Racconta Emergency: “Uno dei nostri colleghi gazawi, qualche giorno fa, ci ha raccontato di essere sopravvissuto per caso a un bombardamento: doveva raggiungere uno dei luoghi di ritrovo degli sfollati per cercare una connessione. Poco prima del suo arrivo, quel luogo è stato colpito. Una volta sul posto, ha visto che anche alcuni suoi amici erano rimasti uccisi. Si è salvato solo per una manciata di minuti. In una quotidianità segnata dal terrore, dalla fame, dalla mancanza di tutto il necessario per vivere, l’assenza di energia elettrica rende la popolazione sempre più isolata e sconnessa. Anche ricaricare il proprio telefono o collegarsi alla rete sono diventate azioni tutt’altro che scontate. Eppure, anche in un contesto così estremo, restare connessi con il mondo è un bisogno essenziale: per ricevere notizie delle persone amate, per testimoniare ciò che accade ogni giorno e per condividere una situazione inimmaginabile”.

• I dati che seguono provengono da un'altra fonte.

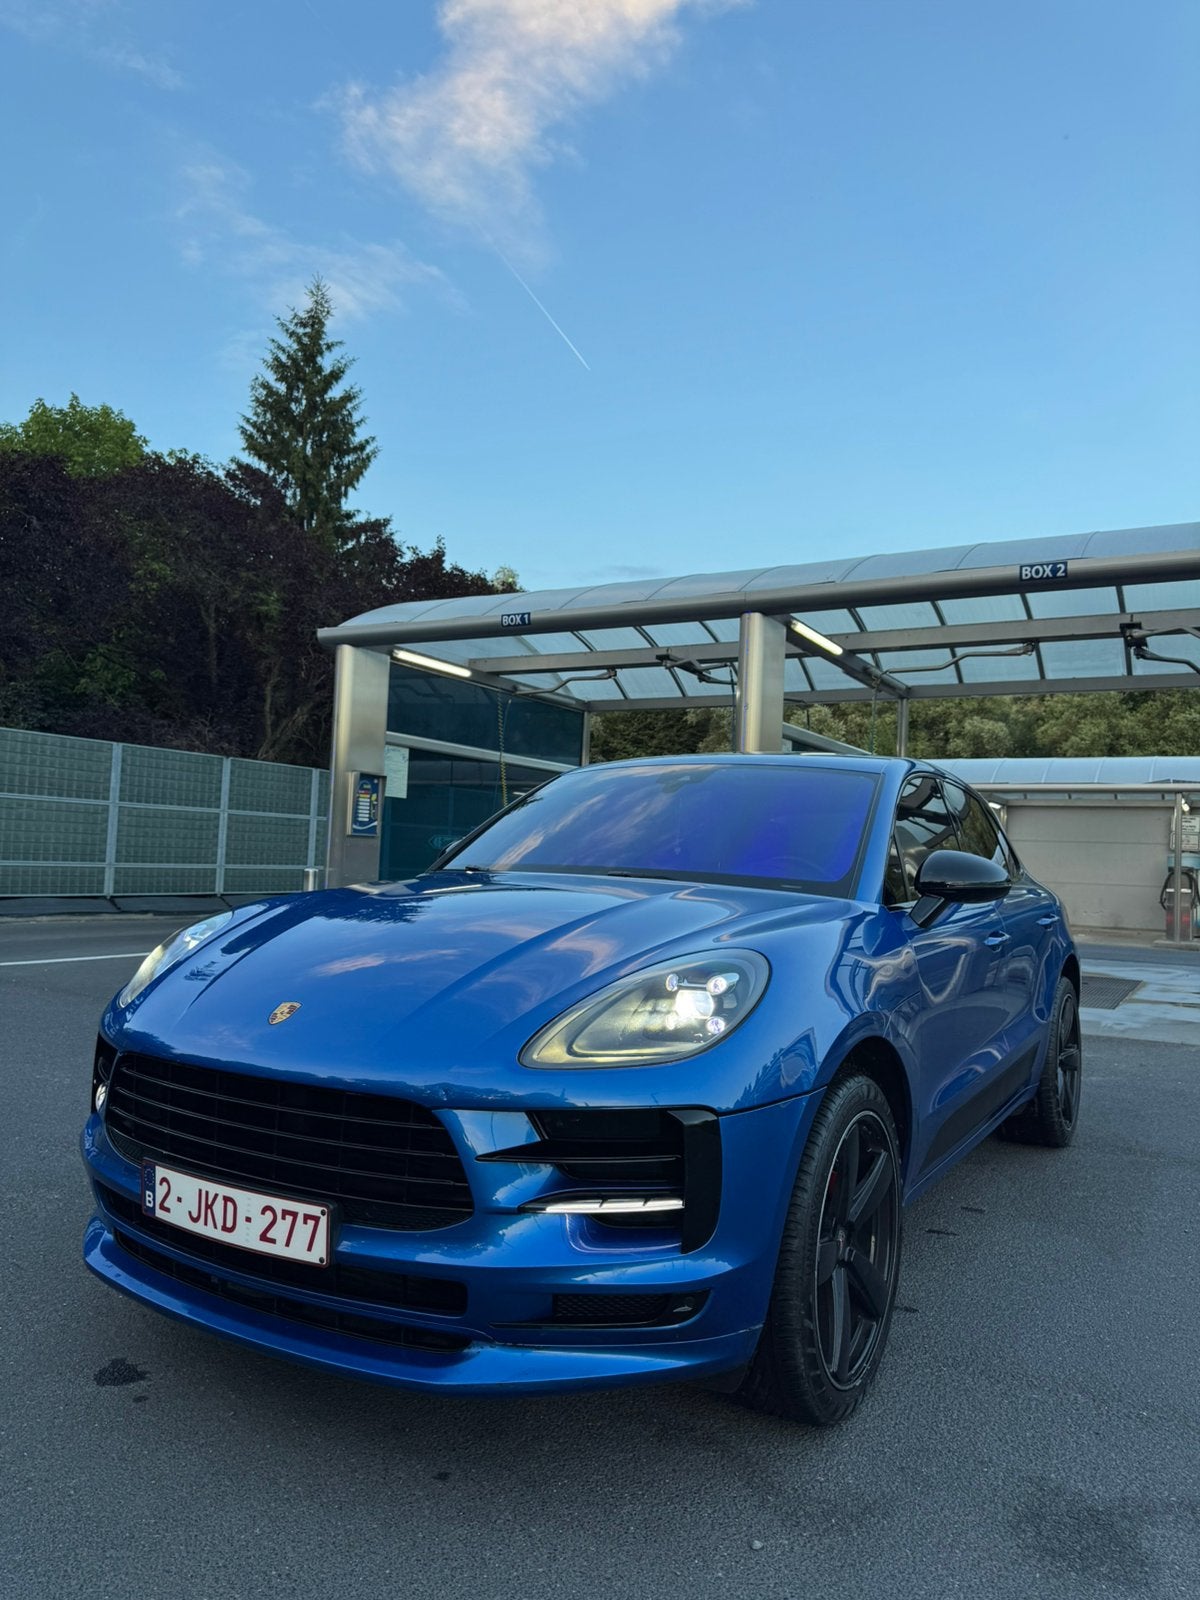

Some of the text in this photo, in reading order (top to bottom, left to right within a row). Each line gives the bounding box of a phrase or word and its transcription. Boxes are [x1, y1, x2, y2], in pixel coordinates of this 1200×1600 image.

[1021, 563, 1066, 580] BOX 2
[502, 613, 529, 626] BOX 1
[145, 1176, 321, 1253] B 2-JKD-277

Ed ancora: “‘Non sono riuscito a prendere niente. Sono partito a mani vuote e sono tornato a mani vuote a causa della folla che aspettava di prendere qualcosa, degli spari, dei posti di blocco. Così me ne sono andato’. Come racconta uno dei nostri colleghi gazawi, nei punti di distribuzione allestiti per la consegna dei pochi aiuti umanitari fatti entrare nella Striscia, la vita delle persone viene messa a rischio tra panico, caos e insicurezza. ‘Quando la consegna degli aiuti umanitari era gestita dalle Nazioni Unite, c’erano circa 400 punti di distribuzione attivi. Oggi ne funzionano solo quattro, per oltre due milioni di persone. Le conseguenze sono drammatiche: si contano già più di 100 tra morti e feriti’ racconta Andrea Bona, nostro medico a Gaza. Dopo due mesi di blocco, la sofferenza dei civili è atroce, indicibile: nella Striscia tutto quello a cui assistiamo ogni giorno è difficile da vedere, da comprendere e da accettare.

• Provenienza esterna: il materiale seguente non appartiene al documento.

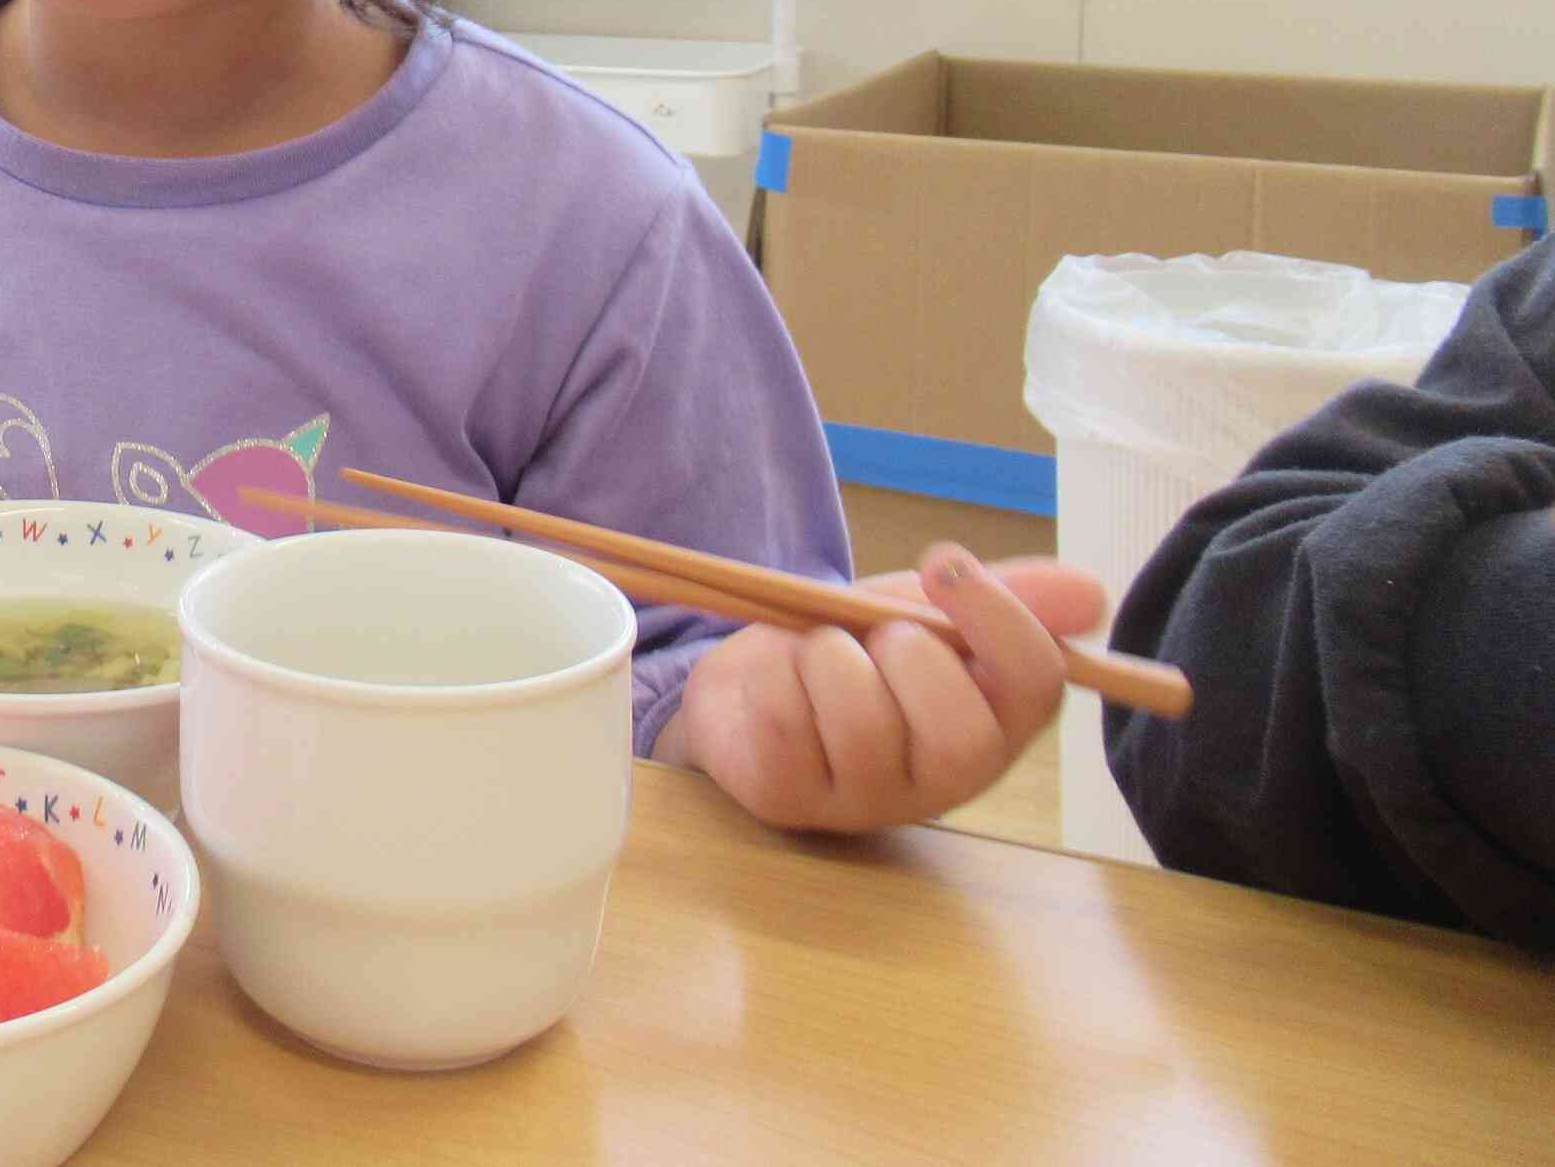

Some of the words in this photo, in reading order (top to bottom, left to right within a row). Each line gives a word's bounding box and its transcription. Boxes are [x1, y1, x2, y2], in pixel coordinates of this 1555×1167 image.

[21, 517, 48, 543] W
[86, 519, 108, 546] X
[187, 533, 205, 559] Z
[44, 794, 60, 824] K
[93, 796, 106, 827] L
[130, 820, 147, 851] M
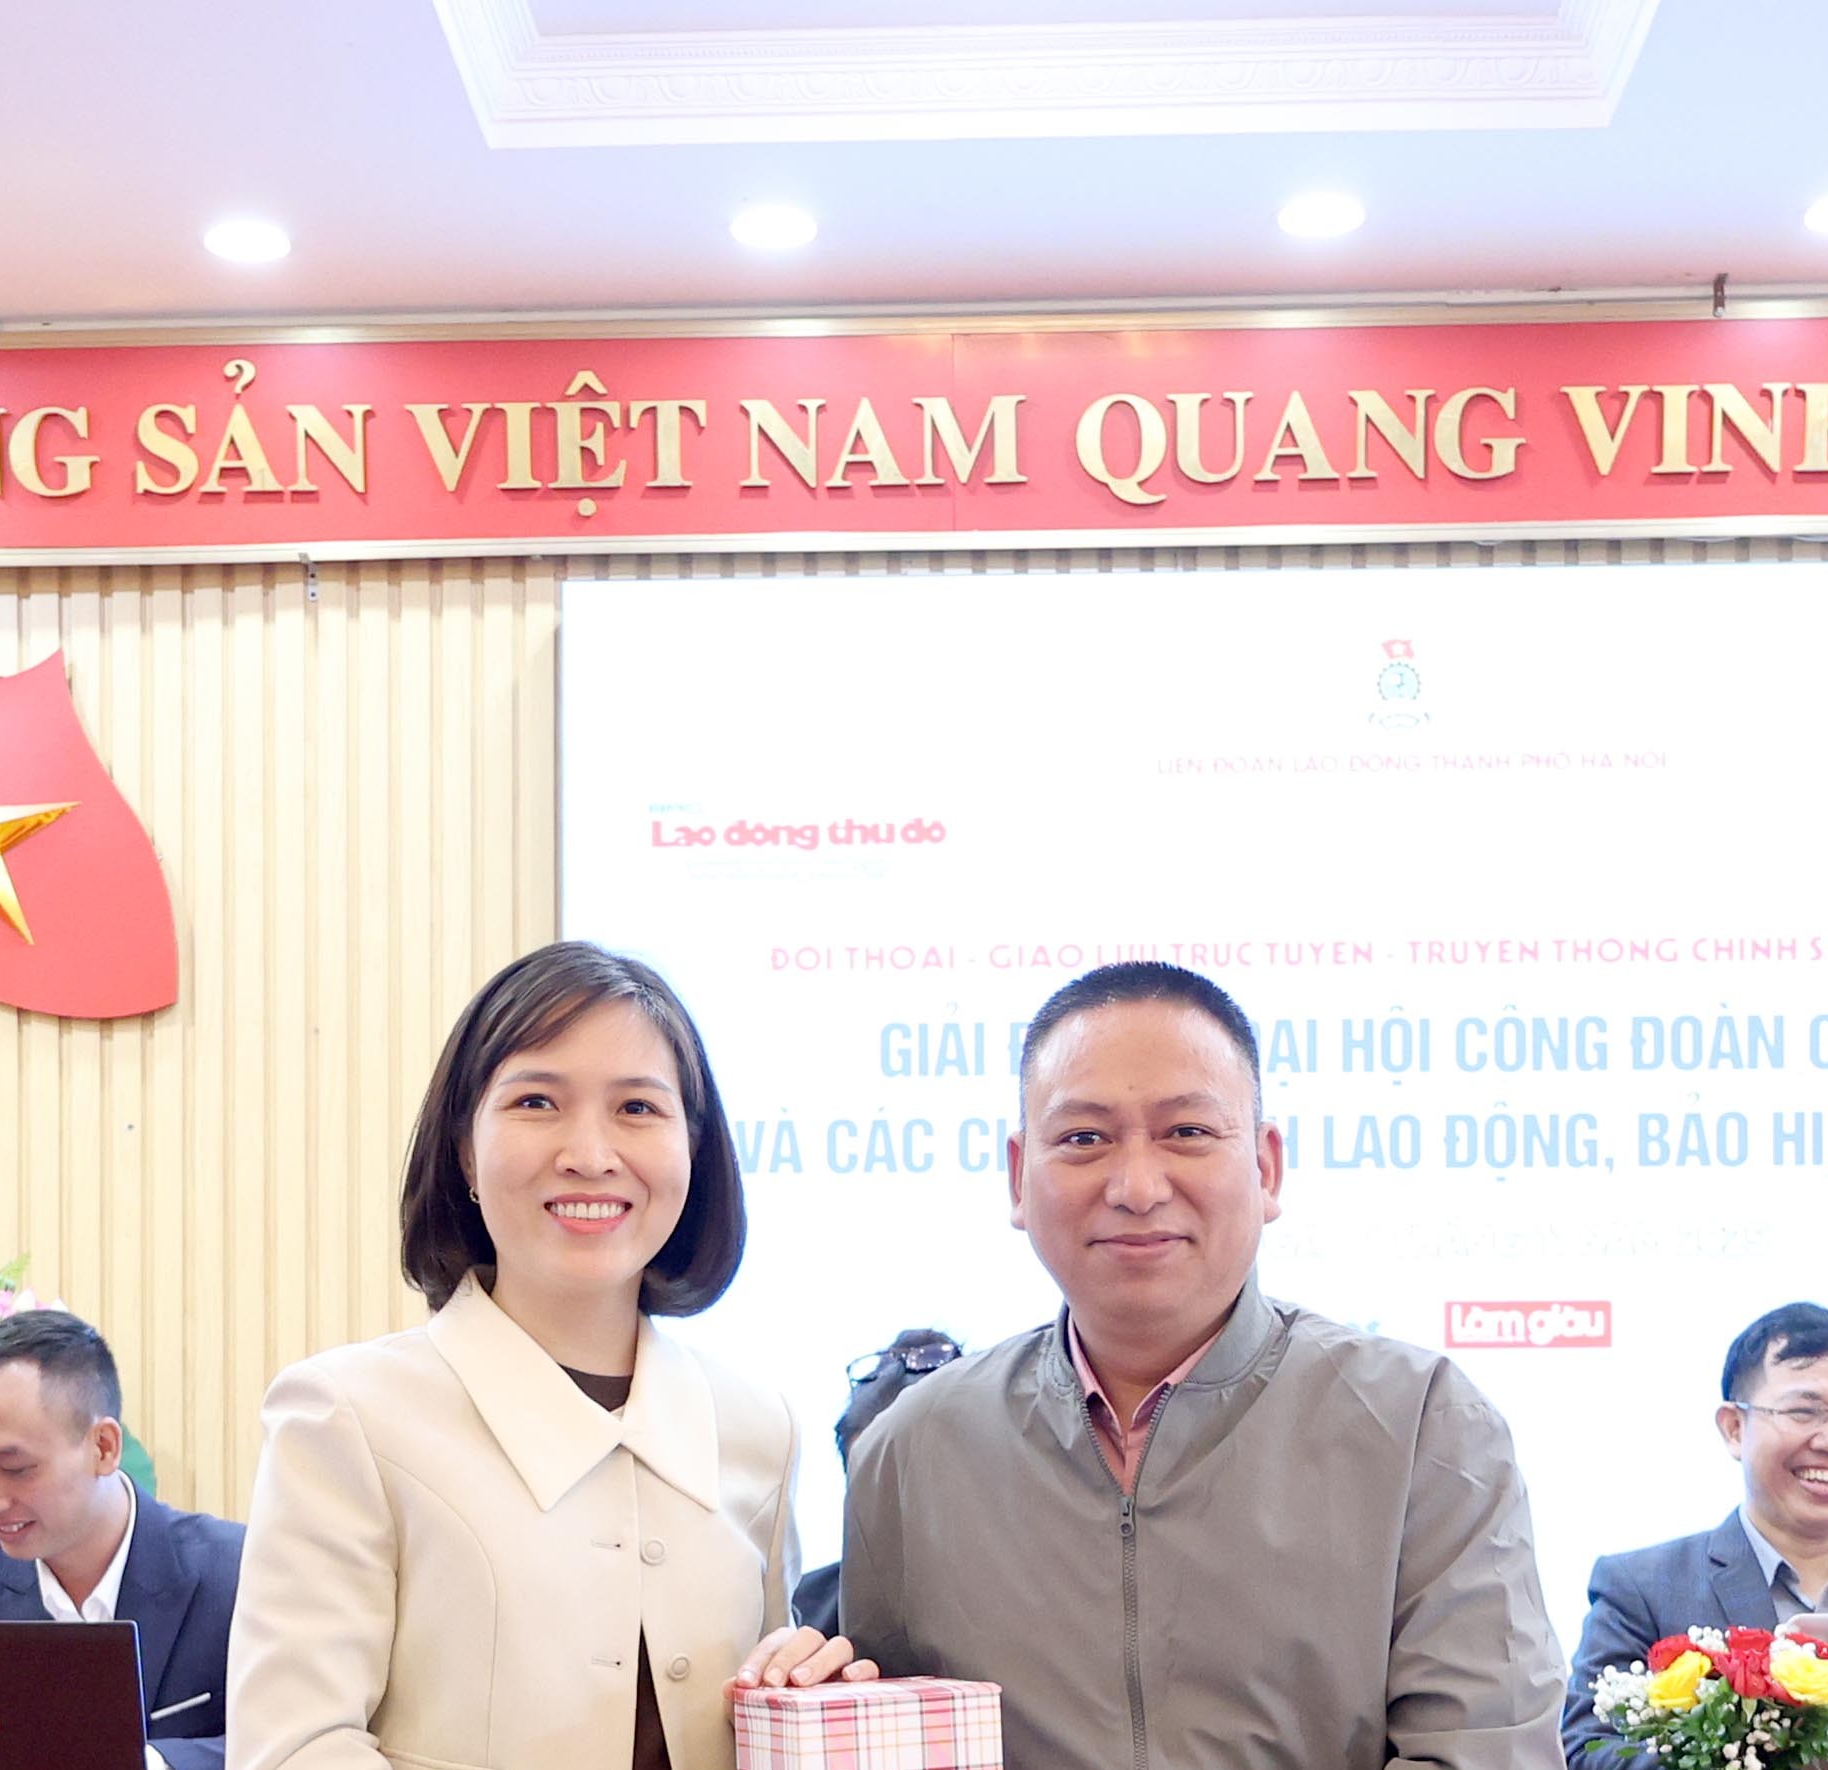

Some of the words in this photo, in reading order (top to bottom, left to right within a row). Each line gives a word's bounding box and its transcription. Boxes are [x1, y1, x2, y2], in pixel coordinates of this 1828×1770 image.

[135, 360, 370, 500] SẢN
[404, 370, 707, 516] VIỆT
[739, 391, 1028, 490] NAM
[1075, 383, 1527, 504] QUANG
[653, 820, 716, 847] Lao
[989, 943, 1084, 969] GIAO
[880, 1002, 986, 1078] GIẢI
[1255, 1019, 1318, 1088] ẠI
[1342, 1004, 1430, 1086] HỘI
[1455, 1002, 1608, 1073] CÔNG
[1630, 1000, 1785, 1071] ĐOÀN
[735, 1106, 803, 1175] VÀ
[825, 1106, 935, 1175] CÁC
[1323, 1113, 1422, 1170] LAO
[1443, 1100, 1614, 1183] ĐỘNG,
[1637, 1091, 1749, 1168] BẢO

La popolazione di Gaza è a rischio carestia: gli aiuti umanitari devono entrare il prima possibile ed essere distribuiti in modo incondizionato e sicuro[…]Esplosioni e colonne di fumo: le vediamo salire verso il cielo dalla nostra casa, dall’auto, dalla clinica… ovunque. A Gaza questa è la ‘normalità’. Qui nessun luogo è sicuro. Qui alle persone viene negato tutto. ‘È così ogni giorno’, racconta la nostra infermiera Eleonora. ‘Andando e tornando dal lavoro, vediamo colonne di fumo come questa alzarsi sopra Khan Younis. Il rumore delle esplosioni ci accompagna sempre, anche mentre visitiamo i nostri pazienti’. A Gaza ogni limite è stato già superato. Serve un cessate il fuoco immediato. Serve che tutti gli aiuti ancora bloccati siano resi accessibili alla popolazione in modo incondizionato il prima possibile”.